**Exercise goal:**
What you hand back must match the listing exactly.

**Dataset content:**
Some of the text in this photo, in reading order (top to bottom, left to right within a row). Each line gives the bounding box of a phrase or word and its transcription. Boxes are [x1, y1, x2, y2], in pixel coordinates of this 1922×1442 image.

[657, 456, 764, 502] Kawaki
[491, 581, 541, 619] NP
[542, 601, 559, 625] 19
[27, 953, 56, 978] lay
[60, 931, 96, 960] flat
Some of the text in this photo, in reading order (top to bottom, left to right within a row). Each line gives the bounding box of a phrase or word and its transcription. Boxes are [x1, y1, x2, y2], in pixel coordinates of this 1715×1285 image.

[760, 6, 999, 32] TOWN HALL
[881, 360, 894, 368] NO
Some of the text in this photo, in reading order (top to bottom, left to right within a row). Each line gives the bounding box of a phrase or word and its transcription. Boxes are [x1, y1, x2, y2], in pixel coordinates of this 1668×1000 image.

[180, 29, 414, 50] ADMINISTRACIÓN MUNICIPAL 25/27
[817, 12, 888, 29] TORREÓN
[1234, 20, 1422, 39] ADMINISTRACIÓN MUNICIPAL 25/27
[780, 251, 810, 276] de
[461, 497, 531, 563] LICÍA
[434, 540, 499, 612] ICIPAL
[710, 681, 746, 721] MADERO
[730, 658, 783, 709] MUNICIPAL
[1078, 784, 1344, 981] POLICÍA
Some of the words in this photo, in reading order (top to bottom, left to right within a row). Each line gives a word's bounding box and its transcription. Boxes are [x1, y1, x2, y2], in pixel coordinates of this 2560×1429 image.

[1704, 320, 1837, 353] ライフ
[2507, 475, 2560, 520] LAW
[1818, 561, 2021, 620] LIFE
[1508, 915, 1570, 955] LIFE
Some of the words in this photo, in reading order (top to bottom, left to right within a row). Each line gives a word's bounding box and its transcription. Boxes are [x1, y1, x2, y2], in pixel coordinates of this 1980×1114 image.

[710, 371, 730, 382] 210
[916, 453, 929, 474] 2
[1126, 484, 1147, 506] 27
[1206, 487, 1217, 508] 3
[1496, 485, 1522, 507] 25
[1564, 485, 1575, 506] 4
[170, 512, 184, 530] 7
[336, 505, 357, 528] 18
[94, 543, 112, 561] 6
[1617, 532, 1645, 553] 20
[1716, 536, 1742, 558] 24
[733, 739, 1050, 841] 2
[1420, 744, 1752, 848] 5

**Exercise solution:**
Some of the text in this photo, in reading order (top to bottom, left to right within a row). Each line gives the bounding box of a phrase or word and its transcription. Boxes are [x1, y1, x2, y2], in pixel coordinates of this 1922×1442 image.

[657, 456, 764, 502] Kawaki
[491, 581, 541, 619] NP
[542, 601, 559, 625] 19
[27, 953, 56, 978] lay
[60, 931, 96, 960] flat
Some of the text in this photo, in reading order (top to bottom, left to right within a row). Each line gives the bounding box of a phrase or word and its transcription. Boxes are [x1, y1, x2, y2], in pixel coordinates of this 1715×1285 image.

[760, 6, 999, 32] TOWN HALL
[881, 360, 894, 368] NO
Some of the text in this photo, in reading order (top to bottom, left to right within a row). Each line gives the bounding box of a phrase or word and its transcription. Boxes are [x1, y1, x2, y2], in pixel coordinates of this 1668×1000 image.

[180, 29, 414, 50] ADMINISTRACIÓN MUNICIPAL 25/27
[817, 12, 888, 29] TORREÓN
[1234, 20, 1422, 39] ADMINISTRACIÓN MUNICIPAL 25/27
[780, 251, 810, 276] de
[461, 497, 531, 563] LICÍA
[434, 540, 499, 612] ICIPAL
[710, 681, 746, 721] MADERO
[730, 658, 783, 709] MUNICIPAL
[1078, 784, 1344, 981] POLICÍA
Some of the words in this photo, in reading order (top to bottom, left to right within a row). Each line gives a word's bounding box and its transcription. Boxes are [x1, y1, x2, y2], in pixel coordinates of this 2560×1429 image.

[1704, 320, 1837, 353] ライフ
[2507, 475, 2560, 520] LAW
[1818, 561, 2021, 620] LIFE
[1508, 915, 1570, 955] LIFE
Some of the words in this photo, in reading order (top to bottom, left to right within a row). Each line gives a word's bounding box and its transcription. Boxes are [x1, y1, x2, y2], in pixel coordinates of this 1980×1114 image.

[710, 371, 730, 382] 210
[916, 453, 929, 474] 2
[1126, 484, 1147, 506] 27
[1206, 487, 1217, 508] 3
[1496, 485, 1522, 507] 25
[1564, 485, 1575, 506] 4
[170, 512, 184, 530] 7
[336, 505, 357, 528] 18
[94, 543, 112, 561] 6
[1617, 532, 1645, 553] 20
[1716, 536, 1742, 558] 24
[733, 739, 1050, 841] 2
[1420, 744, 1752, 848] 5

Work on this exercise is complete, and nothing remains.